* [What the task requires]
Print the listing below in its entirety, character for character.

* [Materials provided]

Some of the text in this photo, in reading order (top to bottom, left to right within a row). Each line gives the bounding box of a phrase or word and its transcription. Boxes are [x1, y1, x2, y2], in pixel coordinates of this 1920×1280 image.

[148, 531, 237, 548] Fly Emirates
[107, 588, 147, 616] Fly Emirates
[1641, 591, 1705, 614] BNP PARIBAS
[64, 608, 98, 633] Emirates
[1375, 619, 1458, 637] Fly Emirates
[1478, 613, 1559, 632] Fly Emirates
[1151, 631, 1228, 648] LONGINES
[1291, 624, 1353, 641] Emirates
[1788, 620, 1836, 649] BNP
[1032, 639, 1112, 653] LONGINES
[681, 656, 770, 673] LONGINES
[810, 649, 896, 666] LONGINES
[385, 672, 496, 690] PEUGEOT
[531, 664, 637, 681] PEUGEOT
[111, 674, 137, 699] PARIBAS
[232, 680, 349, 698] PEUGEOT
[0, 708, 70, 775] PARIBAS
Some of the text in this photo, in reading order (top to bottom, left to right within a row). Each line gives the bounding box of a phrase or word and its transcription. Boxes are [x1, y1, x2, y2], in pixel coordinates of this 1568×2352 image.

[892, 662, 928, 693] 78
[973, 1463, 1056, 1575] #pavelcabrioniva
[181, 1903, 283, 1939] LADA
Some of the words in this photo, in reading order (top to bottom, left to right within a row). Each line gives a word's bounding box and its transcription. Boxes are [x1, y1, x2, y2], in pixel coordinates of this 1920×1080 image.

* [Response for this exercise]
Some of the text in this photo, in reading order (top to bottom, left to right within a row). Each line gives the bounding box of a phrase or word and its transcription. Boxes are [x1, y1, x2, y2], in pixel coordinates of this 1920×1280 image.

[148, 531, 237, 548] Fly Emirates
[107, 588, 147, 616] Fly Emirates
[1641, 591, 1705, 614] BNP PARIBAS
[64, 608, 98, 633] Emirates
[1375, 619, 1458, 637] Fly Emirates
[1478, 613, 1559, 632] Fly Emirates
[1151, 631, 1228, 648] LONGINES
[1291, 624, 1353, 641] Emirates
[1788, 620, 1836, 649] BNP
[1032, 639, 1112, 653] LONGINES
[681, 656, 770, 673] LONGINES
[810, 649, 896, 666] LONGINES
[385, 672, 496, 690] PEUGEOT
[531, 664, 637, 681] PEUGEOT
[111, 674, 137, 699] PARIBAS
[232, 680, 349, 698] PEUGEOT
[0, 708, 70, 775] PARIBAS
Some of the text in this photo, in reading order (top to bottom, left to right within a row). Each line gives the bounding box of a phrase or word and its transcription. Boxes are [x1, y1, x2, y2], in pixel coordinates of this 1568×2352 image.

[892, 662, 928, 693] 78
[973, 1463, 1056, 1575] #pavelcabrioniva
[181, 1903, 283, 1939] LADA
Some of the words in this photo, in reading order (top to bottom, left to right within a row). Each line gives a word's bounding box and its transcription. Boxes are [x1, y1, x2, y2], in pixel coordinates of this 1920×1080 image.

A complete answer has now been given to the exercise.